Department of Acute and Tertiary Care Nursing, University of Pittsburgh, Pittsburgh, Pennsylvania, United States.
Department of Behavioral and Community Health Sciences, Graduate School of Public Health, University of Pittsburgh, Pittsburgh, Pennsylvania, United States.
Appl Clin Inform. 2023 Aug;14(4):789-802. doi: 10.1055/s-0043-1775565. Epub 2023 Oct 4.
Critical instability forecast and treatment can be optimized by artificial intelligence (AI)-enabled clinical decision support. It is important that the user-facing display of AI output facilitates clinical thinking and workflow for all disciplines involved in bedside care.
Our objective is to engage multidisciplinary users (physicians, nurse practitioners, physician assistants) in the development of a graphical user interface (GUI) to present an AI-derived risk score.

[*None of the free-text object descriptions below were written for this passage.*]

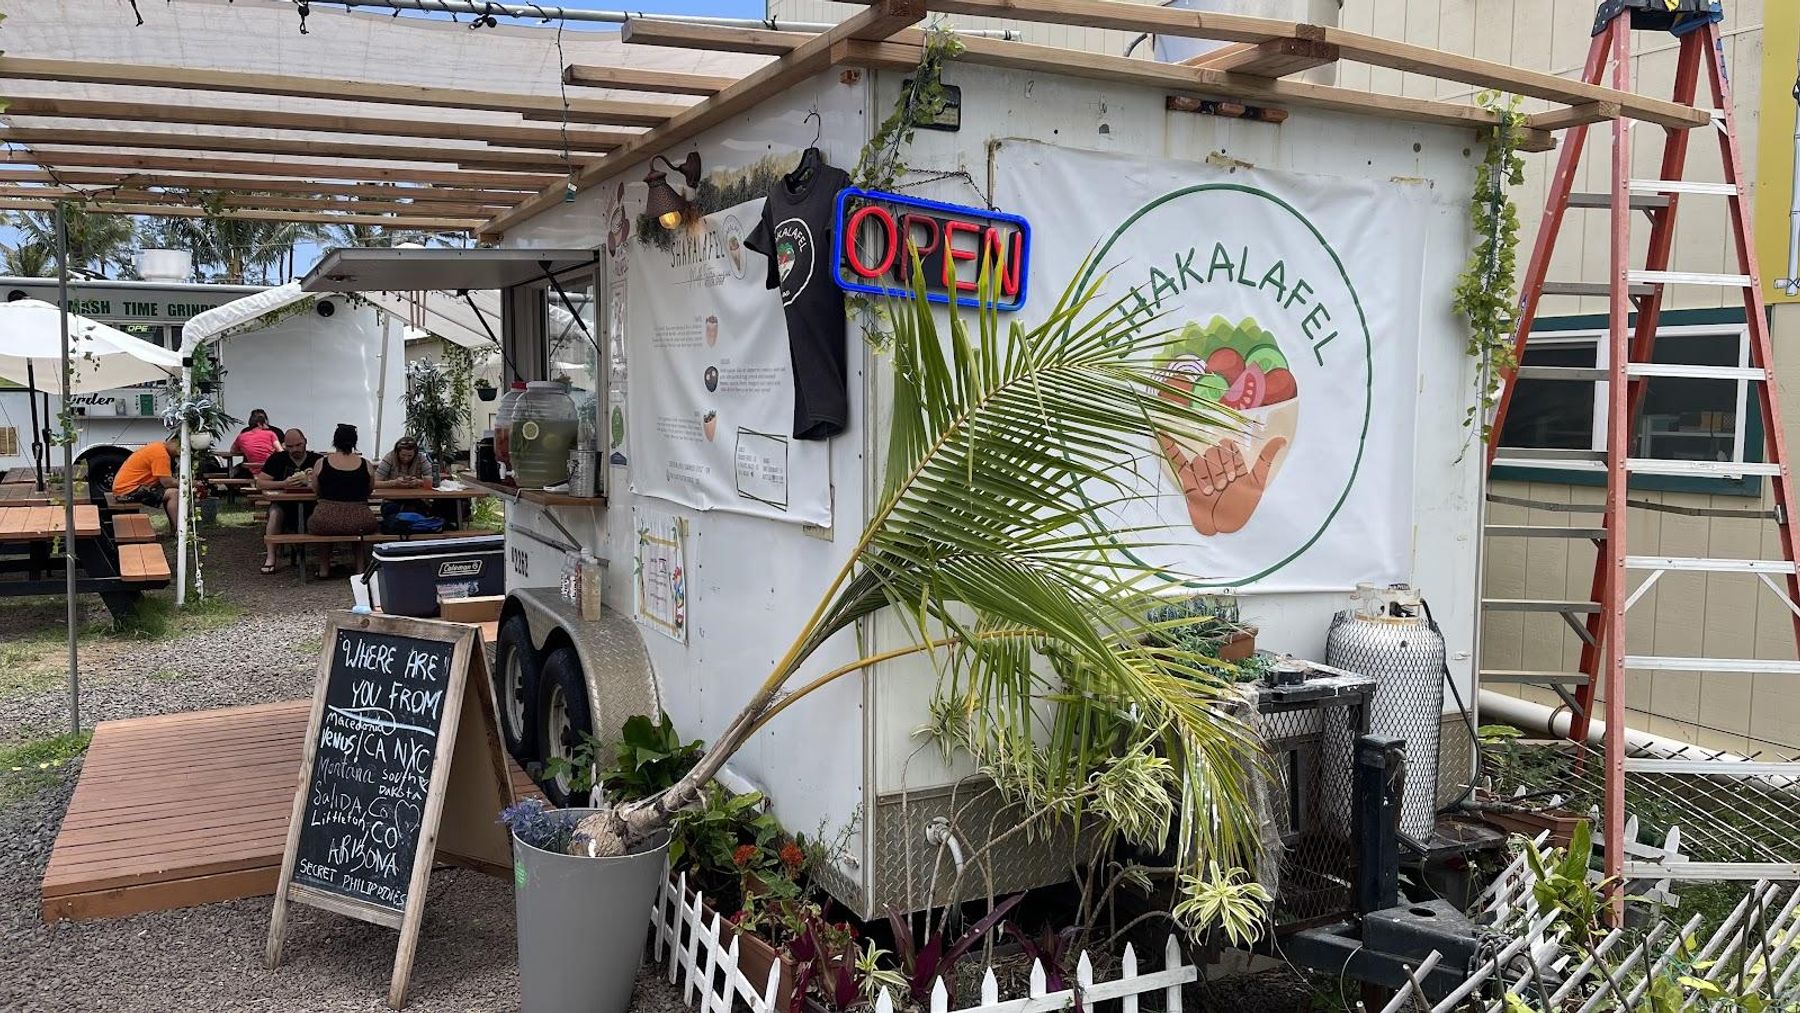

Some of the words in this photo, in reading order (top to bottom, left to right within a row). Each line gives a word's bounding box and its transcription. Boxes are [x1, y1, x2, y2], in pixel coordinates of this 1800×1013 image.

[846, 205, 1021, 295] OPEN
[58, 300, 110, 314] MASH
[123, 302, 158, 316] TIME
[1100, 241, 1338, 367] SHAKALAFEL
[444, 562, 471, 572] Coleman
[342, 638, 397, 674] WHERE
[404, 650, 439, 681] ARE
[352, 679, 382, 708] YOU
[389, 681, 443, 720] FROM
[317, 755, 375, 784] Montana
[300, 858, 337, 882] SECRET
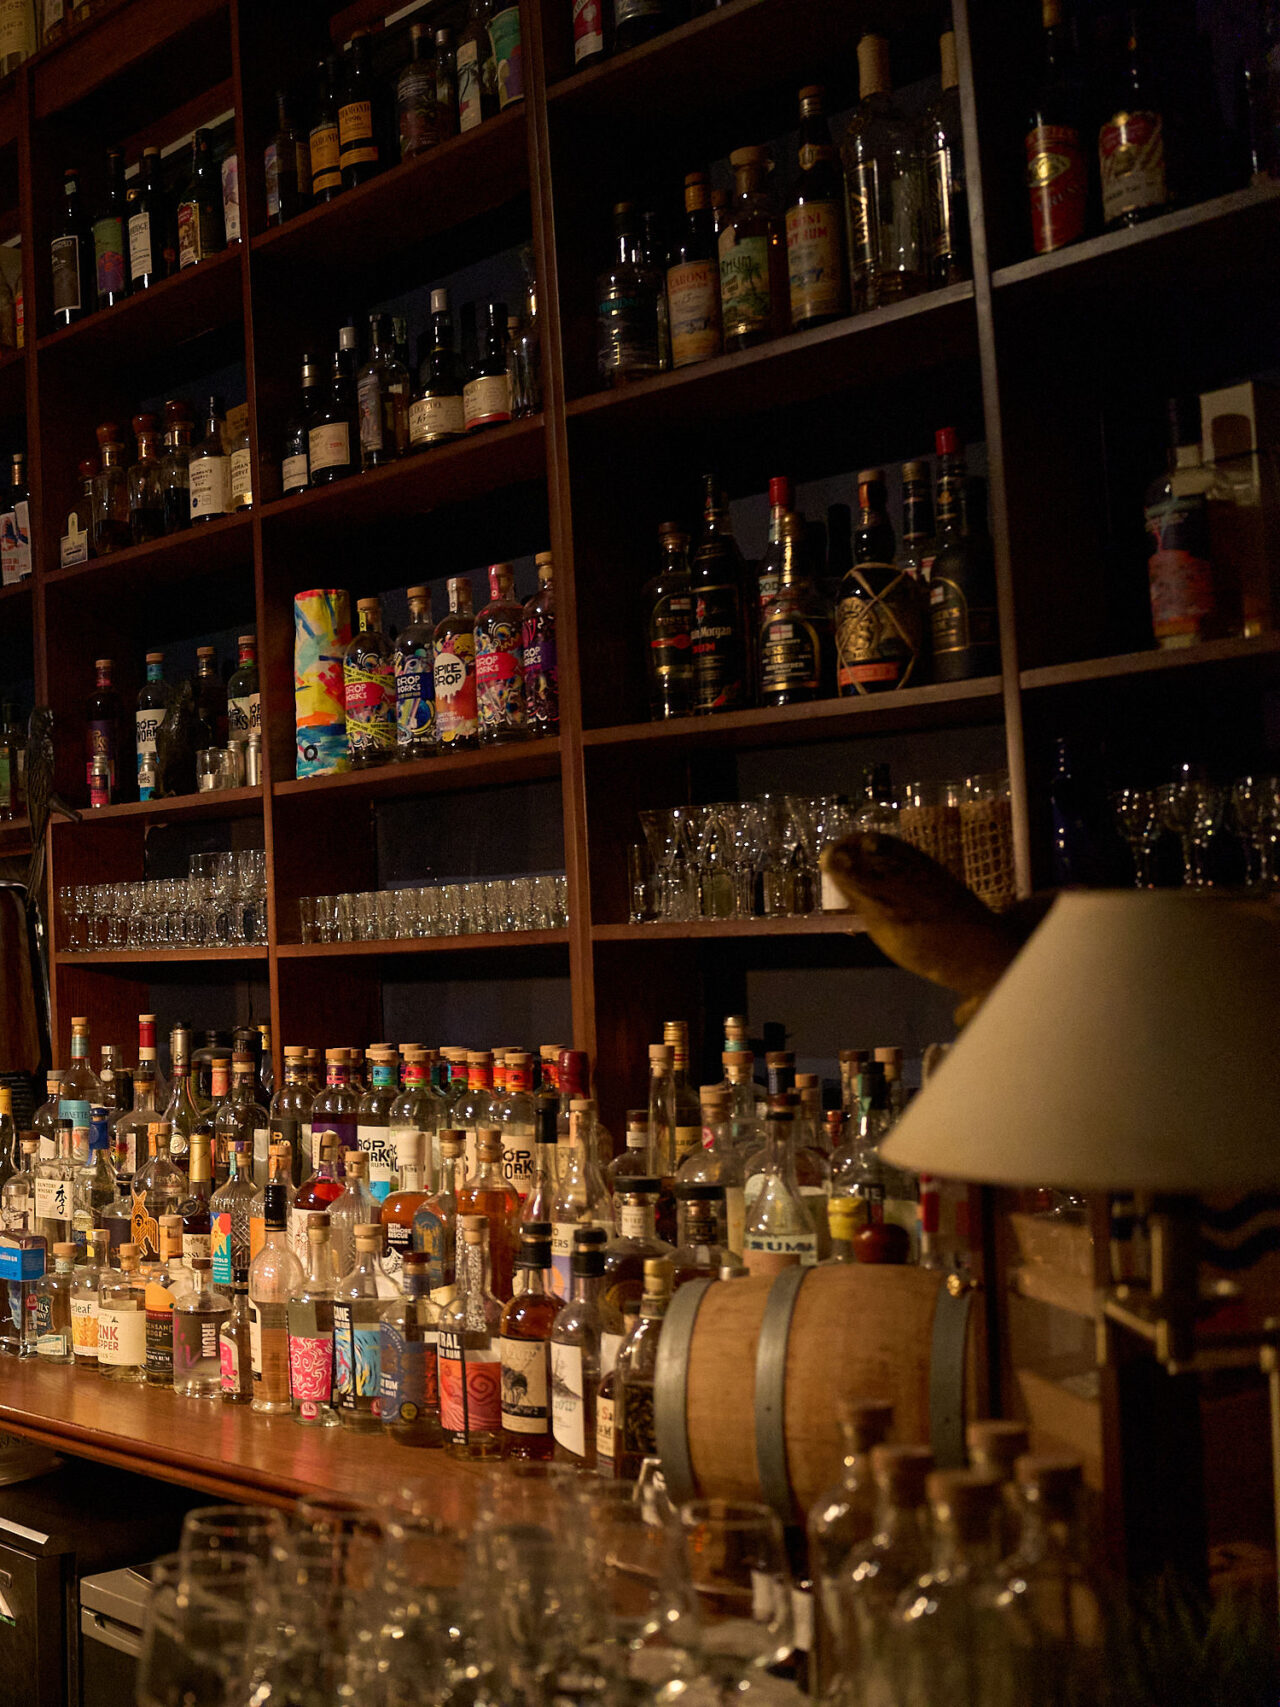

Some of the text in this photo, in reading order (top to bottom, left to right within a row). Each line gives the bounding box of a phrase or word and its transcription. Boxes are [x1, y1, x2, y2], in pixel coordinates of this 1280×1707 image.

[434, 662, 461, 677] SPICE
[55, 1183, 67, 1215] 季
[99, 1324, 119, 1341] INK
[201, 1328, 217, 1357] RUM

Intensive care unit (ICU) clinicians participated in focus groups seeking input on instability risk forecast presented in a prototype GUI. Two stratified rounds (three focus groups [only nurses, only providers, then combined]) were moderated by a focus group methodologist. After round 1, GUI design changes were made and presented in round 2. Focus groups were recorded, transcribed, and deidentified transcripts independently coded by three researchers. Codes were coalesced into emerging themes.
Twenty-three ICU clinicians participated (11 nurses, 12 medical providers [3 mid-level and 9 physicians]). Six themes emerged: (1) analytics transparency, (2) graphical interpretability, (3) impact on practice, (4) value of trend synthesis of dynamic patient data, (5) decisional weight (weighing AI output during decision-making), and (6) display location (usability, concerns for patient/family GUI view). Nurses emphasized having GUI objective information to support communication and optimal GUI location. While providers emphasized need for recommendation interpretability and concern for impairing trainee critical thinking. All disciplines valued synthesized views of vital signs, interventions, and risk trends but were skeptical of placing decisional weight on AI output until proven trustworthy.
Gaining input from all clinical users is important to consider when designing AI-derived GUIs. Results highlight that health care intelligent decisional support systems technologies need to be transparent on how they work, easy to read and interpret, cause little disruption to current workflow, as well as decisional support components need to be used as an adjunct to human decision-making.
人工智能(AI)支持的临床决策支持可以优化关键不稳定预测和治疗。重要的是,面向用户的 AI 输出显示界面便于所有参与床边护理的学科进行临床思维和工作流程。
我们的目标是让多学科用户(医生、护士从业者、医师助理)参与开发一个图形用户界面(GUI),以呈现 AI 衍生的风险评分。
重症监护病房(ICU)临床医生参与了焦点小组,就原型 GUI 中呈现的不稳定风险预测提出意见。两轮分层(三个焦点小组[只有护士,只有提供者,然后是综合])由焦点小组方法学家主持。在第一轮之后,对 GUI 设计进行了更改,并在第二轮中进行了介绍。焦点小组的录音、转录,并由三名研究人员独立对转录进行编码。代码被合并为新兴主题。
共有 23 名 ICU 临床医生参与(11 名护士,12 名医疗提供者[3 名中级和 9 名医生])。出现了六个主题:(1)分析透明度,(2)图形可解释性,(3)对实践的影响,(4)对动态患者数据趋势综合的价值,(5)决策权重(在决策过程中权衡 AI 输出),以及(6)显示位置(GUI 的可用性、对患者/家庭的关注)。护士强调 GUI 客观信息有助于支持沟通和 GUI 的最佳位置。而提供者则强调需要解释推荐内容,并担心会影响学员的批判性思维。所有学科都重视生命体征、干预措施和风险趋势的综合视图,但对将决策权重放在 AI 输出上持怀疑态度,直到证明值得信赖。
在设计 AI 衍生的 GUI 时,考虑从所有临床用户那里获取意见是很重要的。结果表明,医疗保健智能决策支持系统技术需要在其工作方式上透明,易于阅读和解释,对当前工作流程的干扰较小,并且决策支持组件需要作为人类决策的辅助手段使用。